Hubo un momento leve de tensión al aparecer Francisco Balcarce. El dueño de casa vestía con sencilla elegancia, y Elizabeth comprendió que no había querido establecer jerarquías, al no saber cómo vivían los Morris. Ese detalle de su esposo la conmovió.

-Querido, por fin puedo presentarte a Clara. Ya conoces al señor Morris.

¿Que si lo conocía? Fran esbozó una sonrisa sardónica que el otro captó muy bien.

Ambos hombres se estrecharon las manos mientras cruzaban miradas territoriales.

Ni una palabra, aunque tampoco hizo falta. La risa de Clara al ver que Brisa canturreaba al oído de la maestra y que Alfonsito tomaba a Pequeño Castor del brazo para animarlo a espiar por una puerta entreabierta, llenó todo el silencio.

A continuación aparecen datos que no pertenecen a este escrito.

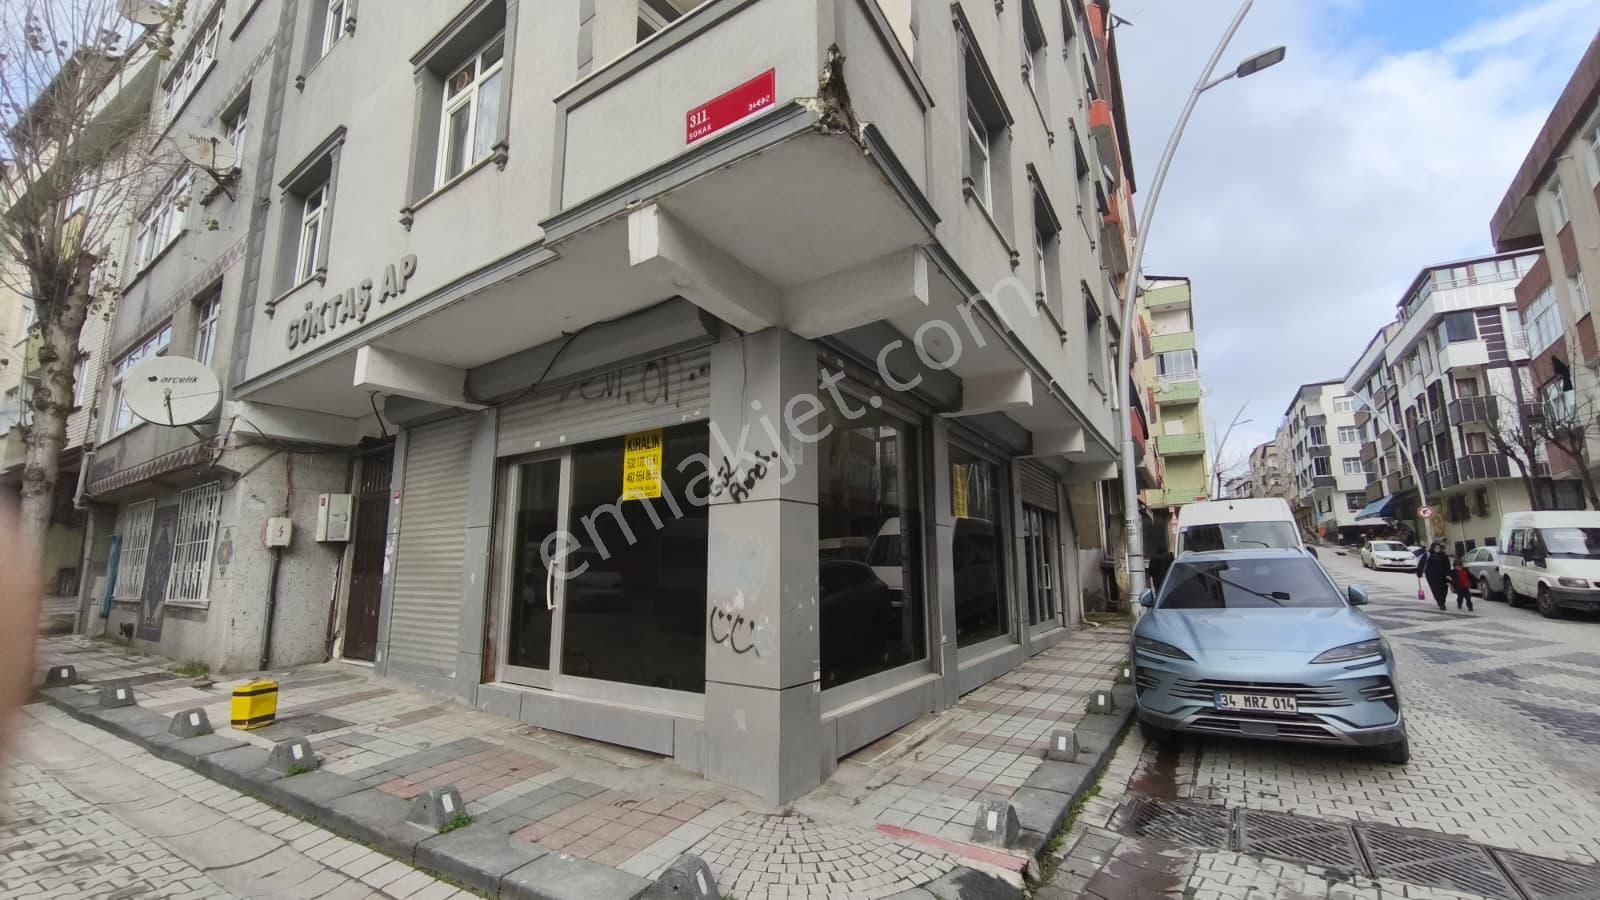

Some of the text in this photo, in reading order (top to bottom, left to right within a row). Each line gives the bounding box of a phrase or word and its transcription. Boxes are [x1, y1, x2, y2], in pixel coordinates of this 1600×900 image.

-Niños, vengan conmigo, que en el jardín les tengo una sorpresa.

Elizabeth había preparado una merienda para sus propios hijos y así mantenerlos lejos de las conversaciones de los adultos. Ordenaría en la cocina que ampliasen la vajilla para incluir a la familia menuda de los Morris.

Un día, pensó fugazmente, todos ellos podrían ser amigos y reunirse en sus respectivas casas, continuando la relación que sus padres habían iniciado.

-Bienvenidos –agregó, con una sonrisa tan diáfana como las perlas que pendían de sus lóbulos y que cautivaban la atención de Brisa.

Francisco cerró la comitiva con su andar silencioso. Al igual que a su esposa, la presencia de la familia al completo lo había sorprendido. Y como hombre, pudo captar en el aire lo que Jim Morris sentía por Claramaría. Era un sentimiento como el suyo, con la misma necesidad de poseer a la mujer amada sin querer compartirla con nadie.

Si en algún momento temió que aquel guerrero siguiese prendado de Elizabeth, al verlo en compañía de su esposa desechó esa inquietud.

Morris era tan posesivo y celoso como él, y ésa era la principal garantía.

Al llegar al salón, Jim se hizo a un lado para cederle el paso. Fran aceptó con una inclinación de cabeza y cruzó con su antiguo rival una mirada de complicidad al ver que las esposas de ambos parloteaban al unísono mientras intentaban ponerse al día, antes incluso de sentarse a la mesa.

El hacha de guerra ya no se desenterraría jamás.